Libération des cadres de l’opposition : «L’ensemble des détenues politiques doivent bénéficier de la même attention, de la mobilisation… »

Le 16 juillet dernier, des cadres de l’opposition ont bénéficié d’une semi-liberté liberté pour des raisons de santé. Bah oury, président du parti UDRG estime que la liberté des cadres de l’opposition est un facteur qui pourrait contribuer à aplanir les tensions.

« Cette libération est une excellente évolution qui permet en attendant la phase du procès que les personnes puissent être dans un environnement beaucoup plus propice pour se reconstruire et être auprès des leurs pour vivre une vie normale. Mais cette libération contribue à faire baisser les tensions », souligne-t-il.

Cependant, le leader de l’UDRG rappelle que cette libération des cadres de l’opposition ne doit pas faire oublier des autres détenus.

« Il y a plus de 300 voire 400 autres personnes qui sont en détention à la centrale de Conakry et d’autres dans les autres maisons centrales du pays. Pour une sortie heureuse de cette crise, l’ensemble des personnes détenues à faits politique durant ces deux à trois dernières années, doivent bénéficier de la même attention, de la mobilisation de l’ensemble des organisations internationales. Et aussi bien des organisations internes qui sont membres de la société civile guinéenne et des partis politiques».

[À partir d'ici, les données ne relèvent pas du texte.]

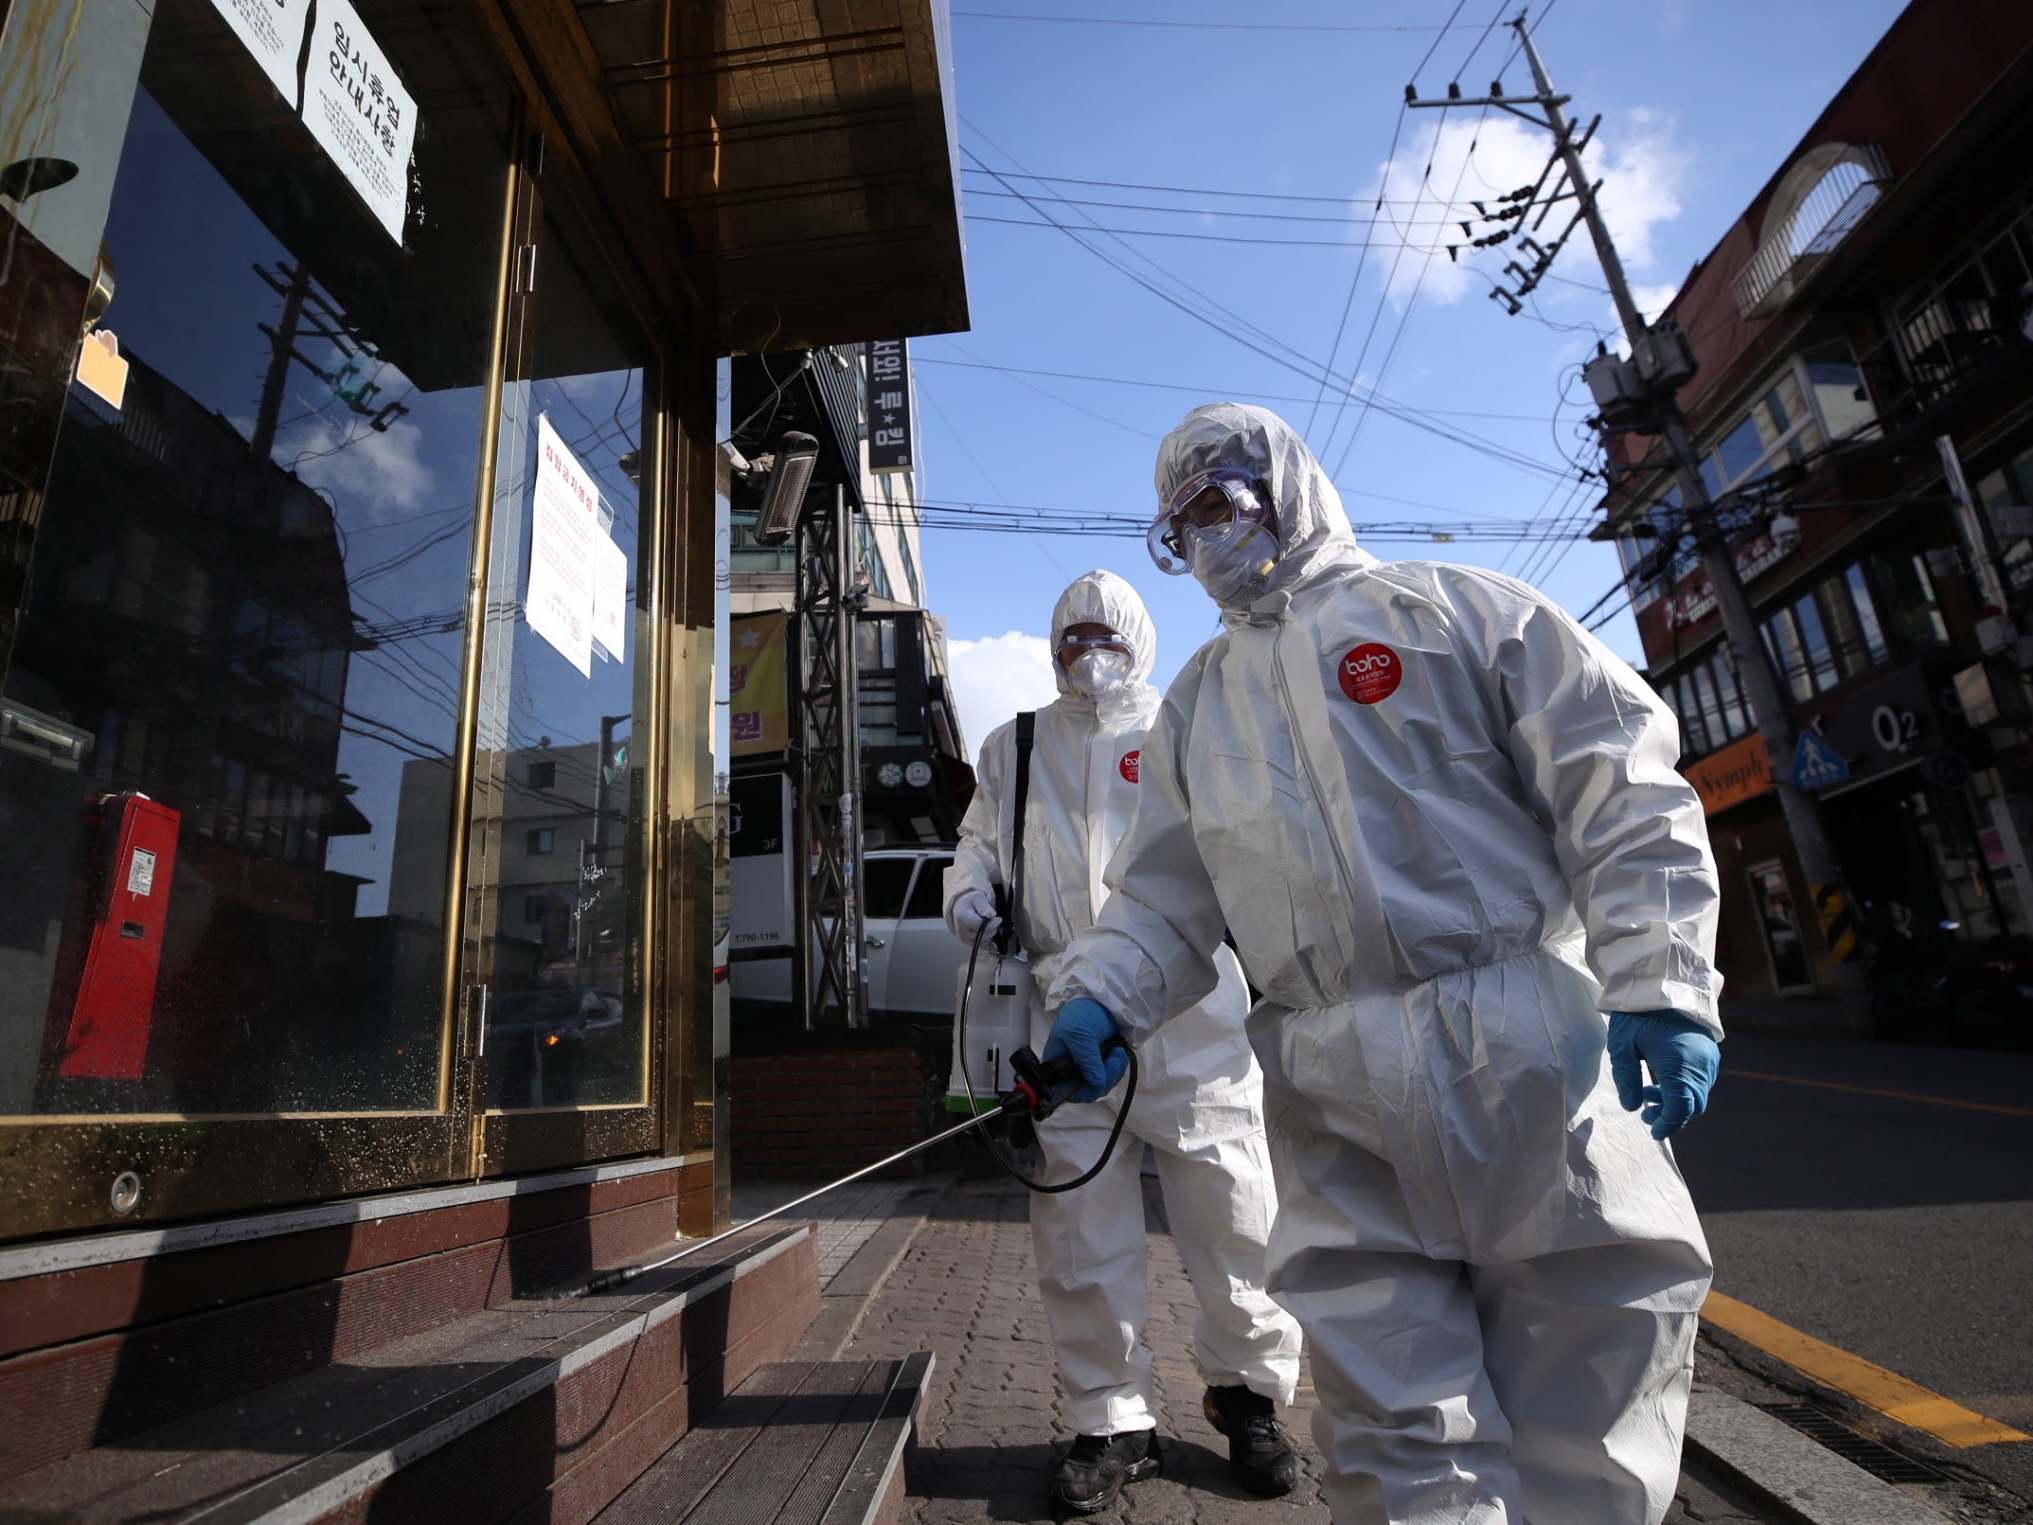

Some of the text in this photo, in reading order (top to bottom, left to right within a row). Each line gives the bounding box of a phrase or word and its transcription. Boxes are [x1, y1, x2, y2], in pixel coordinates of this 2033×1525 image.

[329, 50, 396, 158] 안내사항
[333, 21, 400, 131] 임시휴업
[762, 838, 779, 851] 3F

Selon lui, la libération des cadres de l’opposition devrait être un espoir pour les autres prisonniers qu’une issue similaire peut intervenir en leurs faveurs. C’est pourquoi, prévient-il, « il est nécessaire avec cette récente criminalité de tueries et d’emprisonnement, voire même d’exiler politique que la tourne cette page et avancer vers l’avenir. Sinon, il y a beaucoup de personnes qui ne pourront rien perdre de leur vie dans cette situation » indique Bah Oury.